Showing posts with label agriculture. Show all posts
Showing posts with label agriculture. Show all posts

Friday, 7 December 2007

Mo' money mo' problems

The Economist tackles the causes of the rise in food prices here:

"Increasing wealth in China and India... is stoking demand for meat in those countries, in turn boosting the demand for cereals to feed to animals. The use of grains for bread, tortillas and chapattis is linked to the growth of the world's population. It has been flat for decades, reflecting the slowing of population growth. But demand for meat is tied to economic growth and global GDP is now in its fifth successive year of expansion at a rate of 4%-plus."

Wednesday, 24 October 2007

It Goes Against The Grain


Remember the pigs who were eating junk food because the price of corn had been driven up by demand for corn to produce US-subsidized ethanol? Is the biofuel worth it? I'm all for (well-considered) alternative sources of energy, but the chain reaction that these subsidies have sparked just keeps going.

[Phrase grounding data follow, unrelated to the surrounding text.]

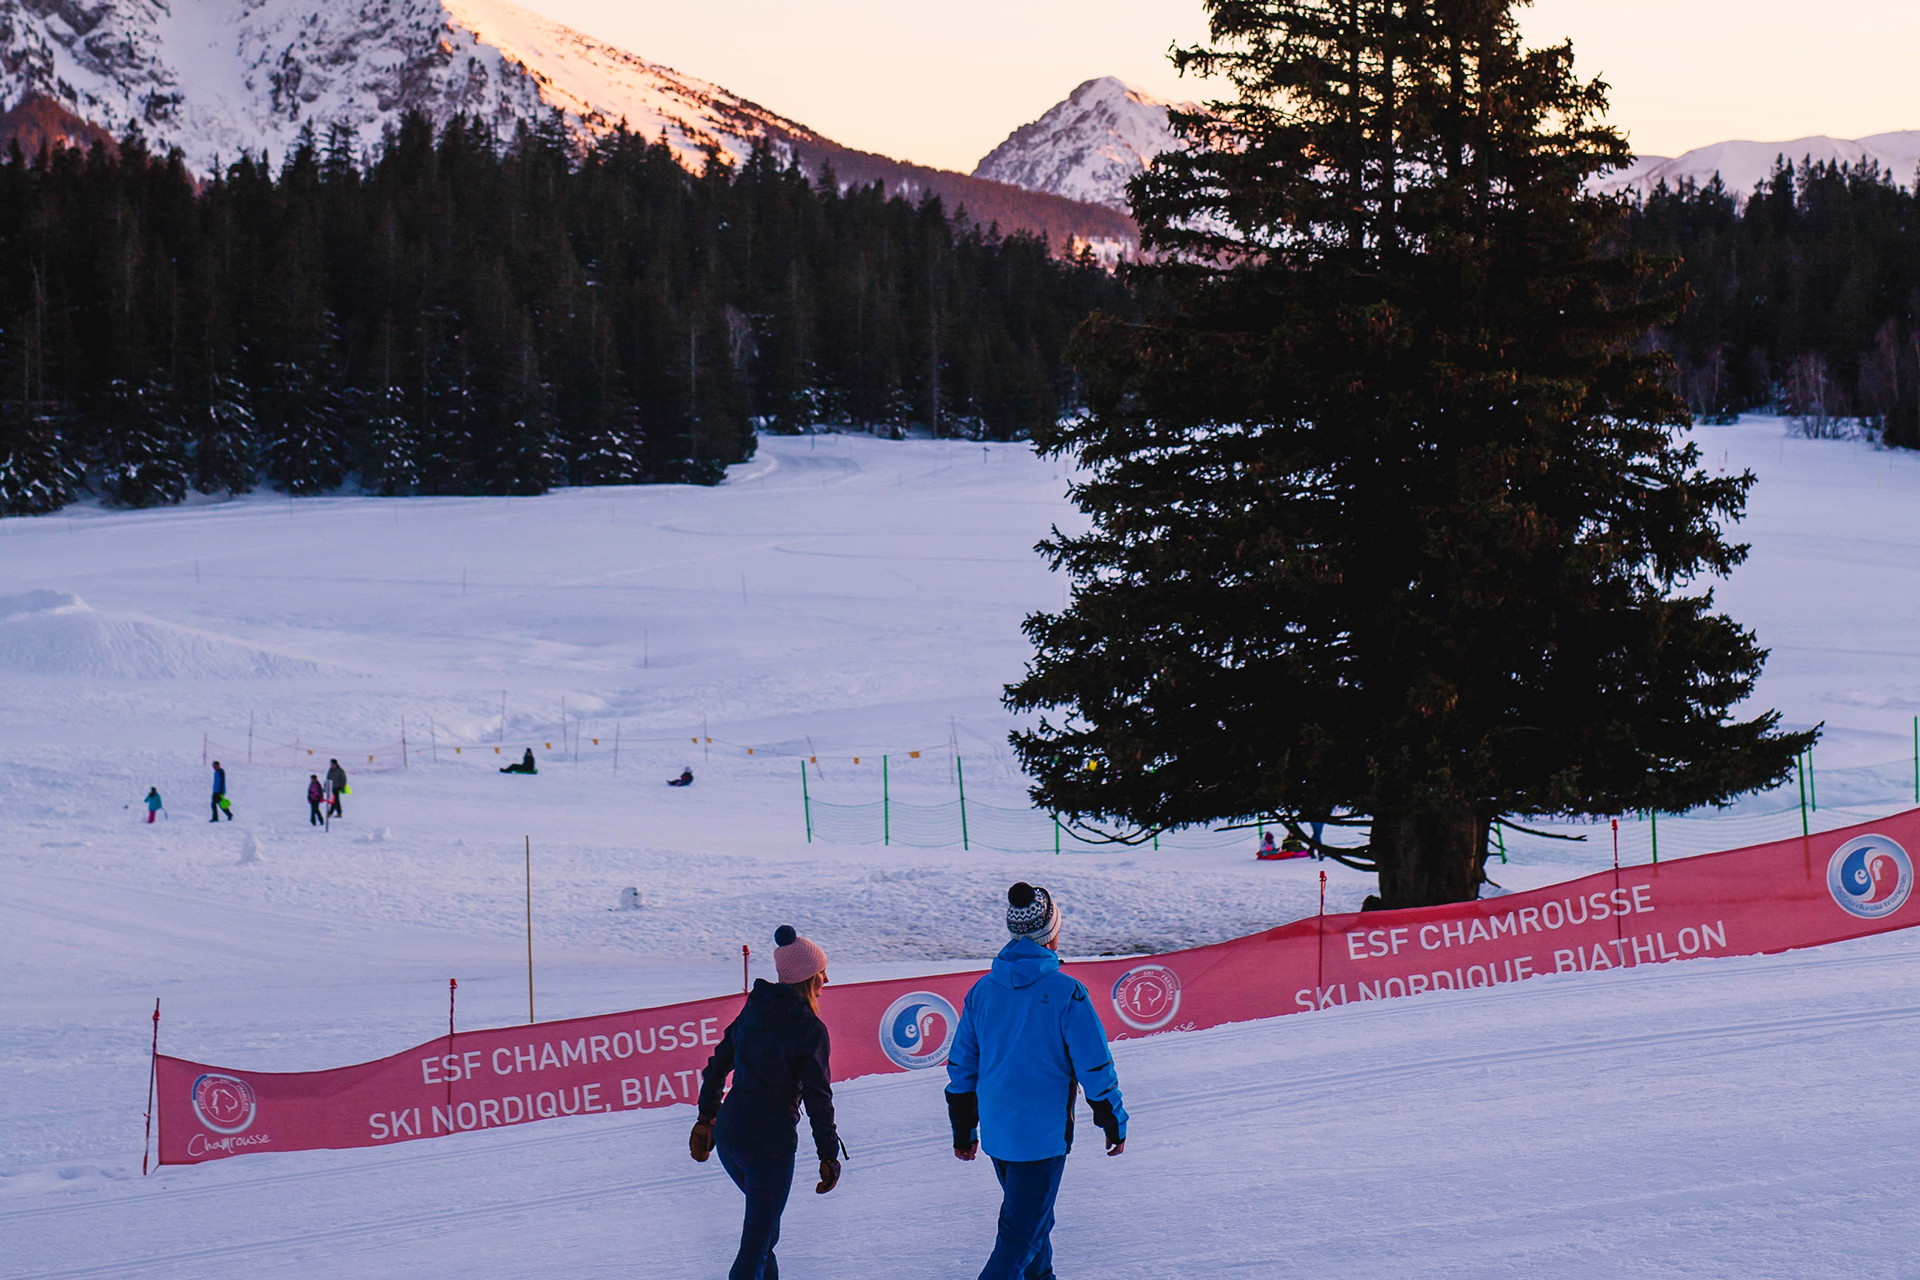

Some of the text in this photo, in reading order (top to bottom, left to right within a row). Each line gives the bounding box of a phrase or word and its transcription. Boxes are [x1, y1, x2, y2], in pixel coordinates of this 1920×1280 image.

[1346, 883, 1655, 960] ESF CHAMROUSSE
[1294, 983, 1348, 1012] SKI
[1553, 920, 1727, 973] BIATHLON
[421, 1017, 720, 1085] ESF CHAMROUSSE
[187, 1133, 272, 1157] Chamrousse
[368, 1107, 422, 1140] SKI
[431, 1083, 613, 1133] NORDIQUE,
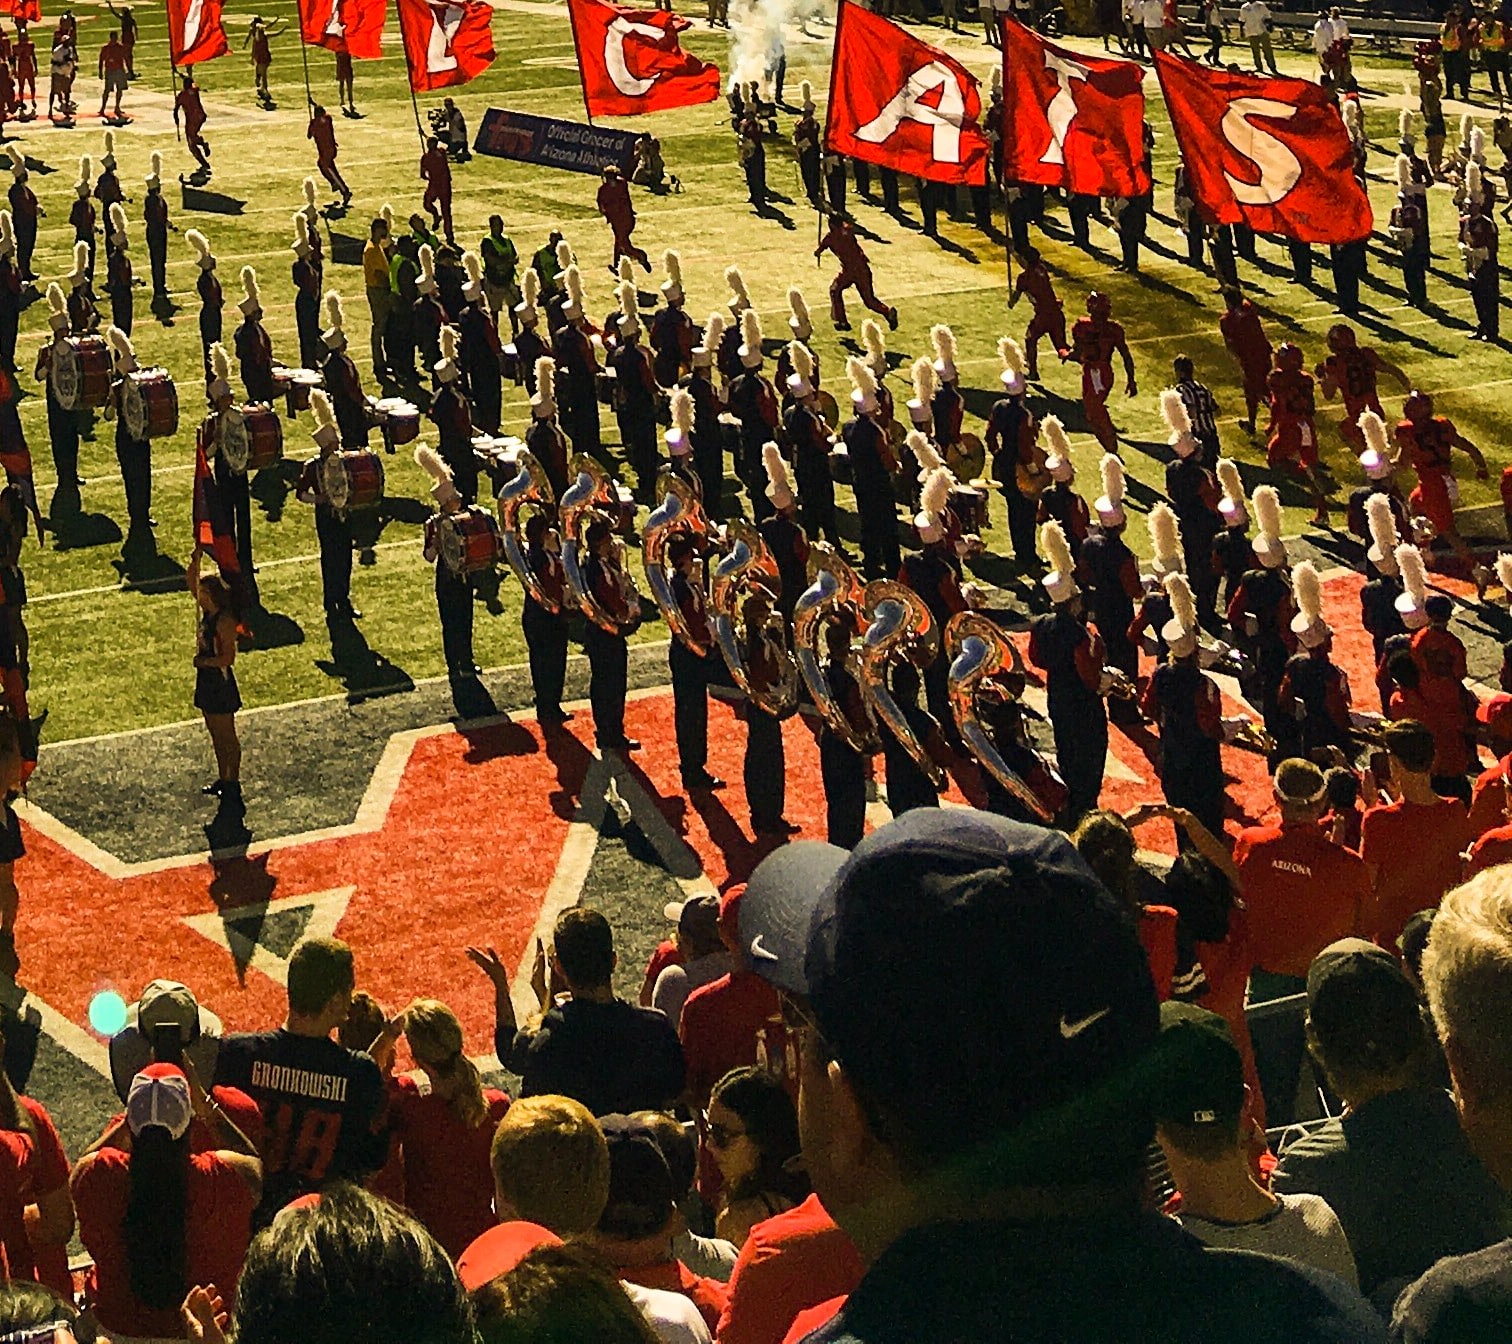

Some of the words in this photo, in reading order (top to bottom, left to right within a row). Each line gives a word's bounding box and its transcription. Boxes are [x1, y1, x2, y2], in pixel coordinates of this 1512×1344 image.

[604, 14, 667, 98] C
[854, 60, 966, 165] A
[1220, 97, 1302, 206] S
[1271, 859, 1313, 879] ARIZONA
[251, 1060, 348, 1103] GRONKOWSKI

It turns out that other crops are being turned into biofuels too, notably wheat, which is an integral (and in some forms highly nutritious) part of many diets. Durum wheat in particular is used to make Italian pasta. Now the BBC reports that the Industrial Union of Pasta Makers will be investigated for price fixing after they warned prices would rise this autumn by 20%, which they attribute solely to the rising cost of durum wheat. Irrespective of whether this price fixing is going on, it is true that the price of durum wheat has increased even more than other varieties and continues to break record prices. This is partly due to environmental factors such as poor growing conditions this year, but also to increased demand for wheat for biofuel production and to the fact that land once occupied by wheat is being switched to corn fields for more biofuel.

Not that corn is always good thing for the food supply, which is what I gather Aaron Woolf and Curt Ellis have concluded in their film "King Corn" reviewed recently by The New York Times. Corn is used as feed for animals, the majority of whom live in squalid conditions with little quality of life, as well as to produce corn syrup and corn oil, neither of which are particularly good for us.

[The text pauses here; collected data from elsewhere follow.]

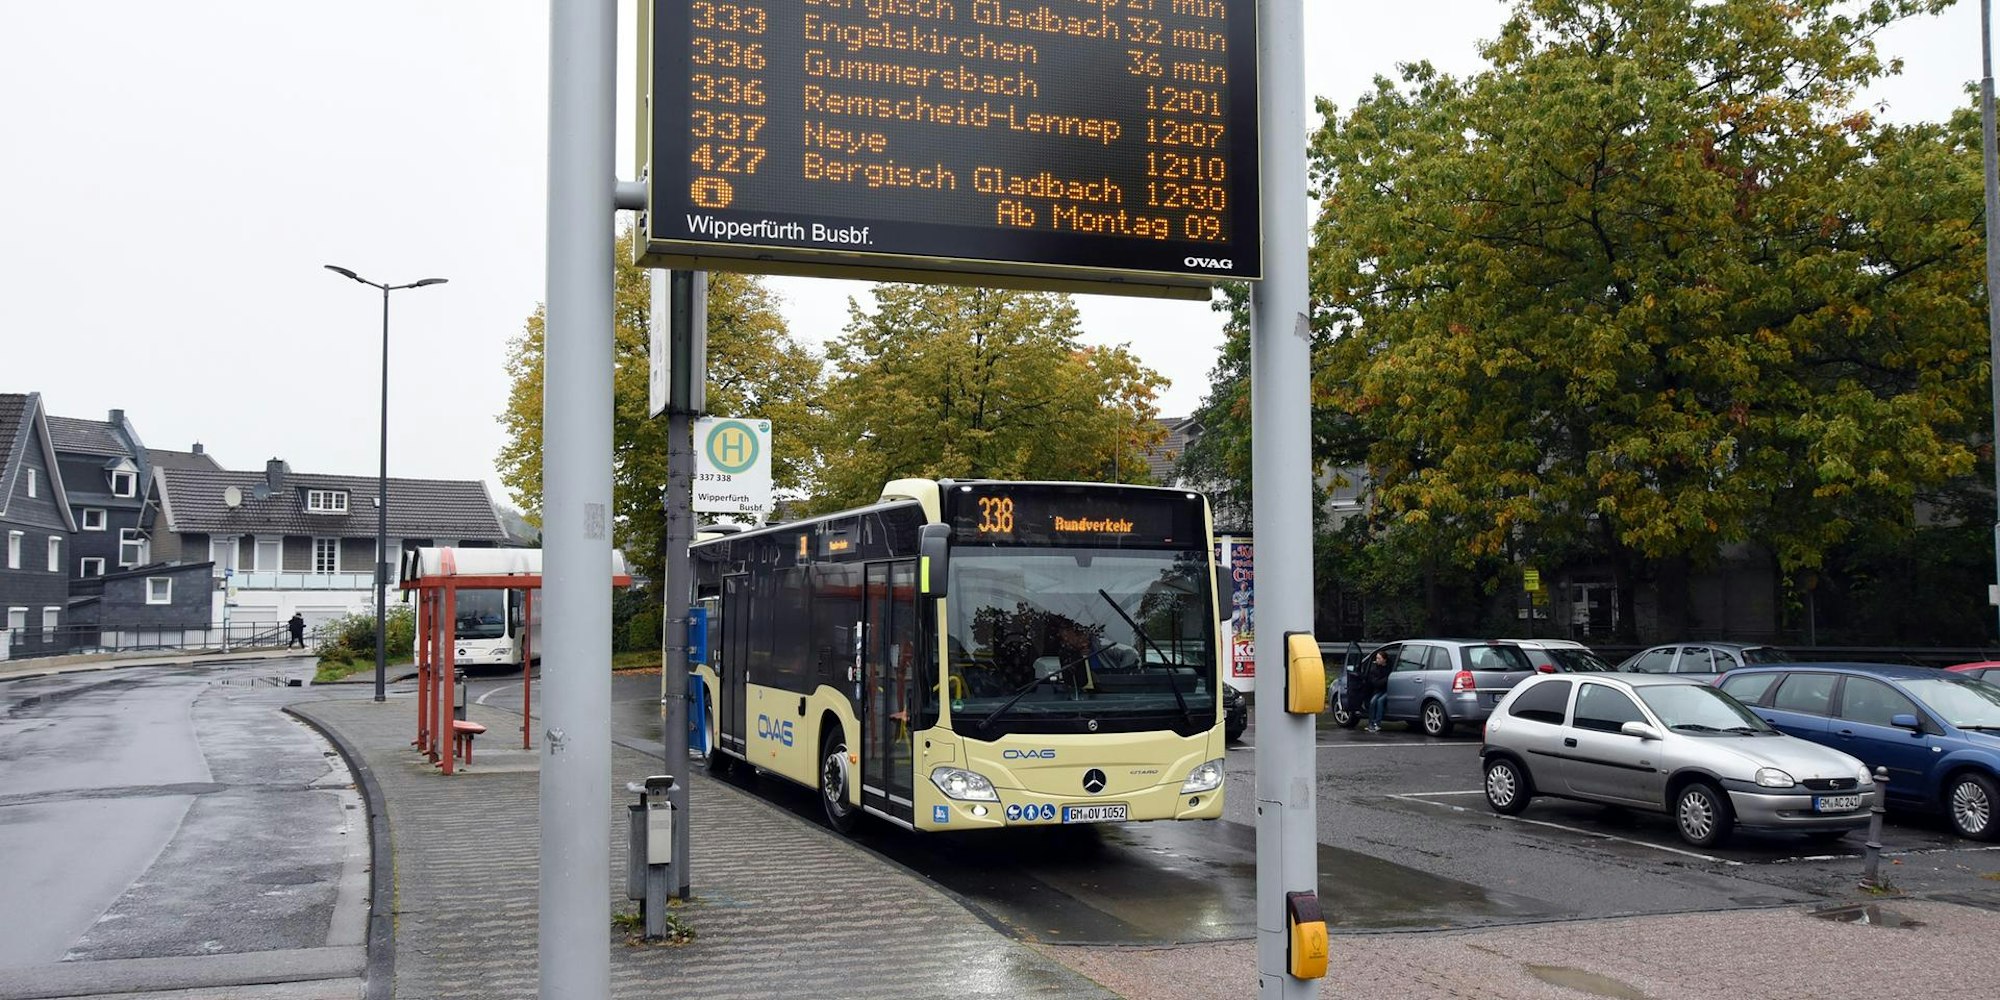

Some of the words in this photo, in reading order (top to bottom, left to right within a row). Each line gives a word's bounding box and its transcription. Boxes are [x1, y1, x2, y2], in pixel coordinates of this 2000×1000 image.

[805, 0, 954, 21] gisch
[972, 0, 1120, 40] Gladbach
[1127, 16, 1162, 45] 32
[1173, 26, 1226, 51] min
[691, 2, 767, 34] 333
[805, 13, 1037, 64] Engelskirchen
[1127, 49, 1163, 77] 36
[1174, 59, 1226, 84] min
[691, 37, 767, 70] 336
[805, 49, 1038, 97] Gummersbach
[1147, 85, 1222, 116] 12:01
[691, 74, 767, 105] 336
[805, 84, 1121, 145] Remscheid-Lennep
[1147, 118, 1225, 148] 12:07
[691, 110, 767, 142] 337
[805, 120, 887, 153] Neye
[1147, 151, 1226, 182] 12:10
[691, 143, 767, 174] 427
[804, 152, 956, 190] Bergisch
[974, 166, 1121, 203] Gladbach
[1148, 181, 1226, 212] 12:30
[686, 214, 805, 240] Wipperfürth
[812, 223, 874, 246] Busbf.
[997, 200, 1035, 227] Ab
[1053, 203, 1169, 240] Montag
[1185, 214, 1227, 241] 09.
[1184, 256, 1234, 270] OVAG
[722, 432, 744, 463] H
[700, 473, 714, 481] 337
[716, 474, 732, 482] 338
[698, 493, 749, 503] Wipperfürth
[740, 504, 765, 512] Busbf.
[978, 497, 1014, 532] 338
[1055, 516, 1133, 533] Rundverkehr
[758, 713, 793, 747] OVAG
[1003, 749, 1056, 760] OVAG
[1102, 806, 1125, 819] 1052

Though corn and wheat (well, primarily their highly processed derivatives) are maligned for health reasons in industrialized countries, they are still a primary source of sustenance for many of the world's poorest people. It is true that reducing emissions is very important, but must it impact so directly on the quality and cost of food? According to the International Herald Tribune the UN's Special Rapporteur on the Right to Food, Jean Ziegler, agrees with me. He says there should be a five-year moratorium on the production of biofuel due to its effect on world hunger. Hear hear.

Monday, 21 May 2007

This little piggy ate junk food

The Food Section linked today to a highly disturbing article from the Wall Street Journal. Lauren Etter reports that due to rising demand for corn-based ethanol, a biofuel subsidized by the U.S. government, corn prices have risen so much that farmers are seeking other foodstuffs to feed their livestock. The result? Pigs and other animals are increasingly being fed "cookies, licorice, cheese curls, candy bars, french fries, frosted wheat cereal and peanut-butter cups" and other "human" junk food as a main part of their diet. Some farmers even feed piglets a "Cocoa Puffs"-like mixture of chocolate powder and cereal.

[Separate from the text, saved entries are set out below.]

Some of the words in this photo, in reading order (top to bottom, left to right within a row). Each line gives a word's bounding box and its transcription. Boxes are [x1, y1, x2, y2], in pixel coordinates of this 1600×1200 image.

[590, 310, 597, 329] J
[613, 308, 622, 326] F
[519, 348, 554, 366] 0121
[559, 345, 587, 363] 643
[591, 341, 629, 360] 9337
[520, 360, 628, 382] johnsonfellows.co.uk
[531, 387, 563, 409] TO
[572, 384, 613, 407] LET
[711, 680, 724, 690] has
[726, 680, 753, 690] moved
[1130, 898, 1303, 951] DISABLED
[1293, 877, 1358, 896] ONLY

Why is this so shocking, when humans eat this stuff every day? I'm not a nutritionist, but it is generally accepted that junk food is not good for you and is only acceptable as part of a balanced diet. According to the WSJ article some farmers are using 100% "byproducts" to feed their livestock. I accept that this may be a passable way to put flesh on the bones of these animals in terms of food safety (without considering animal welfare), but I don't eat cheesies and trail mix all the time and I don't want to eat an animal that has, either.

Lauren Etter also commented that "Thanks to the ethanol rush, the price of a bushel of corn for months has hovered around $4 -- nearly double the price of a few years ago. That has prompted livestock groups like the National Cattlemen's Beef Association and the National Chicken Council to call for an end to federal ethanol subsidies, including a 51-cent-per-gallon tax credit offered to companies that blend gasoline with ethanol. For now, livestock must pay up or make do with alternatives."

Of course farmers are concerned about their bottom lines and have to maintain a profit margin, but environmentally it seems to me that the business of feeding animals junk food goes against the grain (better watch out for those puns). Is it energy efficient to feed animals highly processed food so that corn can be used to produce subsidized biofuel? I don't know.